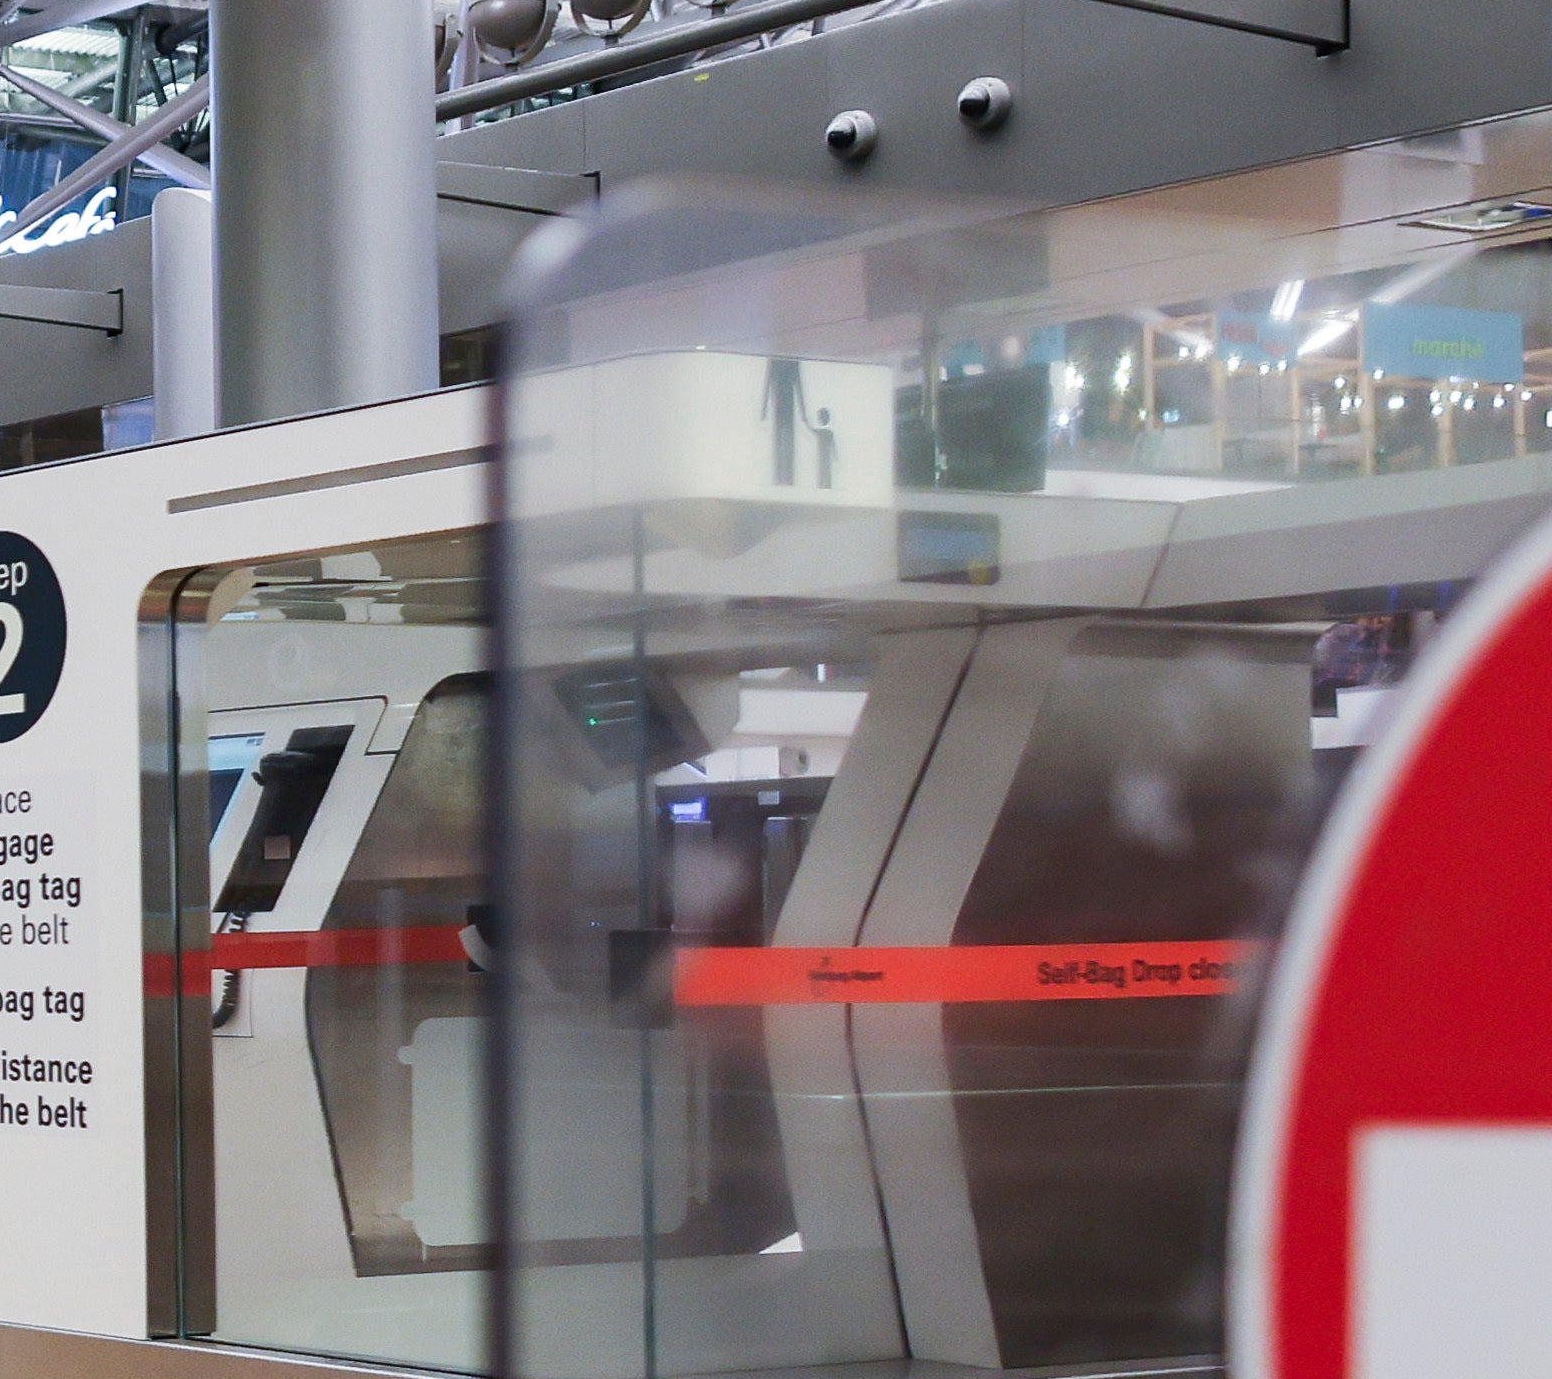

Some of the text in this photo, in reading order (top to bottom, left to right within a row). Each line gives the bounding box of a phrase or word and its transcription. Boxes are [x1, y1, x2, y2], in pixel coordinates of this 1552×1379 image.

[39, 873, 82, 907] tag
[22, 913, 69, 946] belt
[1037, 961, 1126, 988] Self-Bag
[1133, 958, 1182, 986] Drop
[42, 986, 85, 1022] tag
[38, 1095, 87, 1129] belt
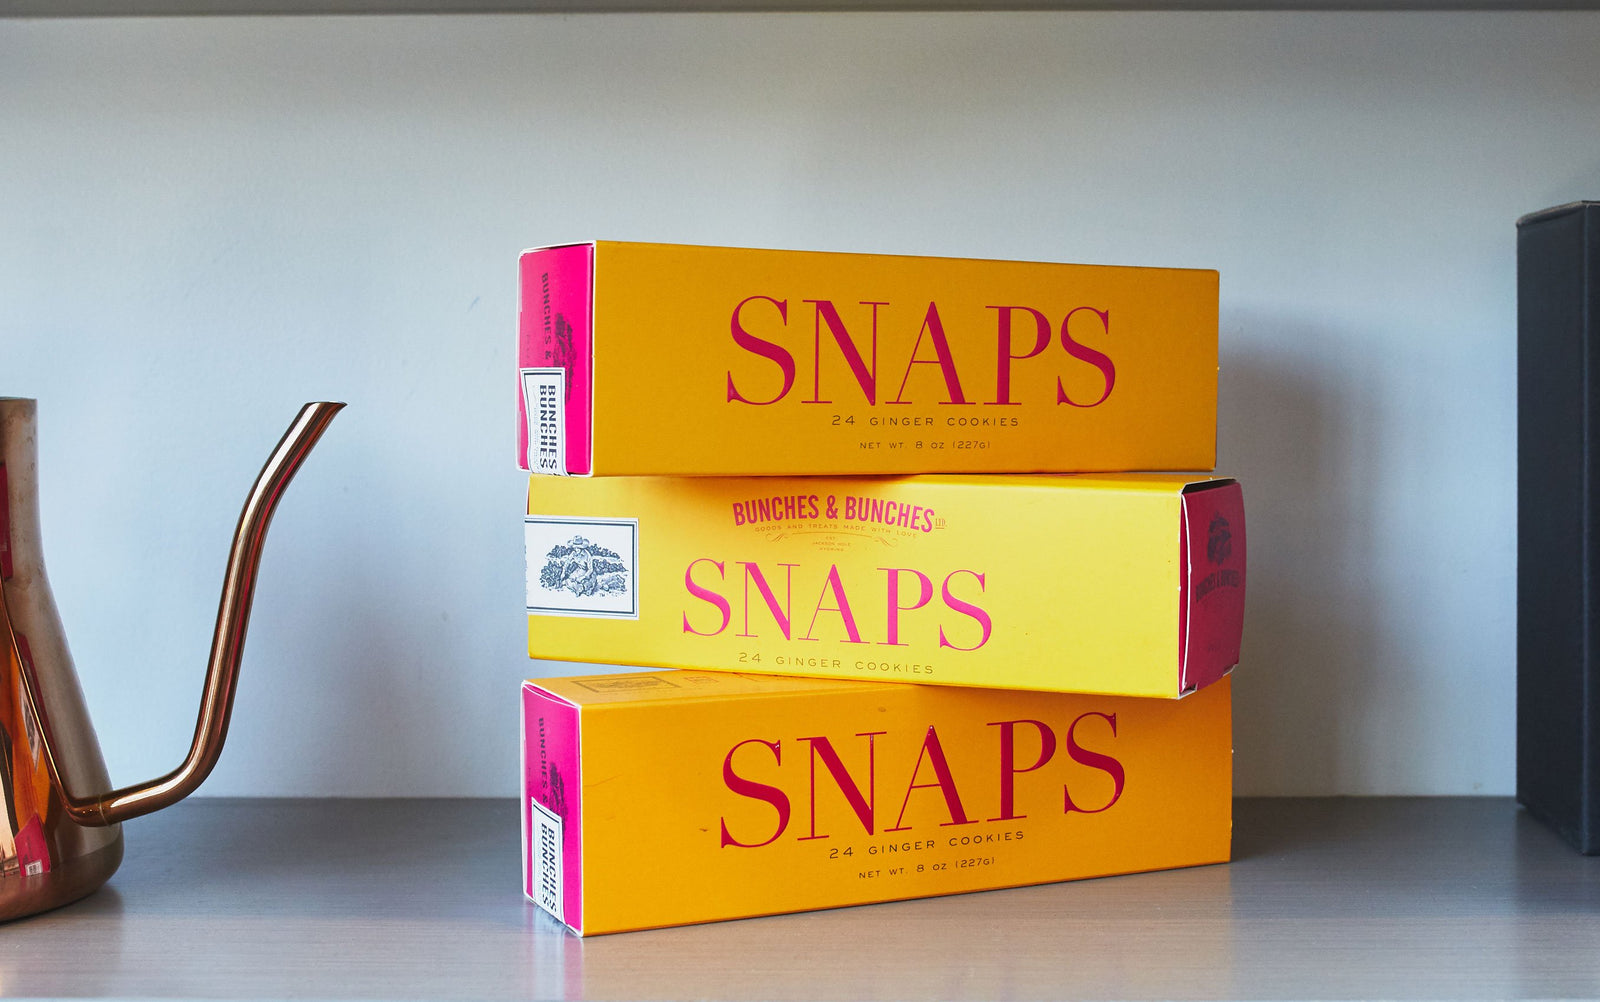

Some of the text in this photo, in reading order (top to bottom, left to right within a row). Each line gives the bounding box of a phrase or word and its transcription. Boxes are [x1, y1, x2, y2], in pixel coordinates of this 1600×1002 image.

· · · · ·

- Problem -
Now write out the data word for word, skipping every picture in it.

- Answer below -
Some of the text in this photo, in reading order (top to bottom, left to right within a row). Each line gives the bounding box of a phrase or word and its transcription. Boxes are [x1, y1, x2, y2], in pixel coordinates of this 1552×1379 image.

[39, 873, 82, 907] tag
[22, 913, 69, 946] belt
[1037, 961, 1126, 988] Self-Bag
[1133, 958, 1182, 986] Drop
[42, 986, 85, 1022] tag
[38, 1095, 87, 1129] belt

Some of the text in this photo, in reading order (top to bottom, left to right within a row). Each line gives the bounding box of a phrase or word and its transcription. Boxes are [x1, y1, x2, y2], in pixel coordinates of this 1600×1002 image.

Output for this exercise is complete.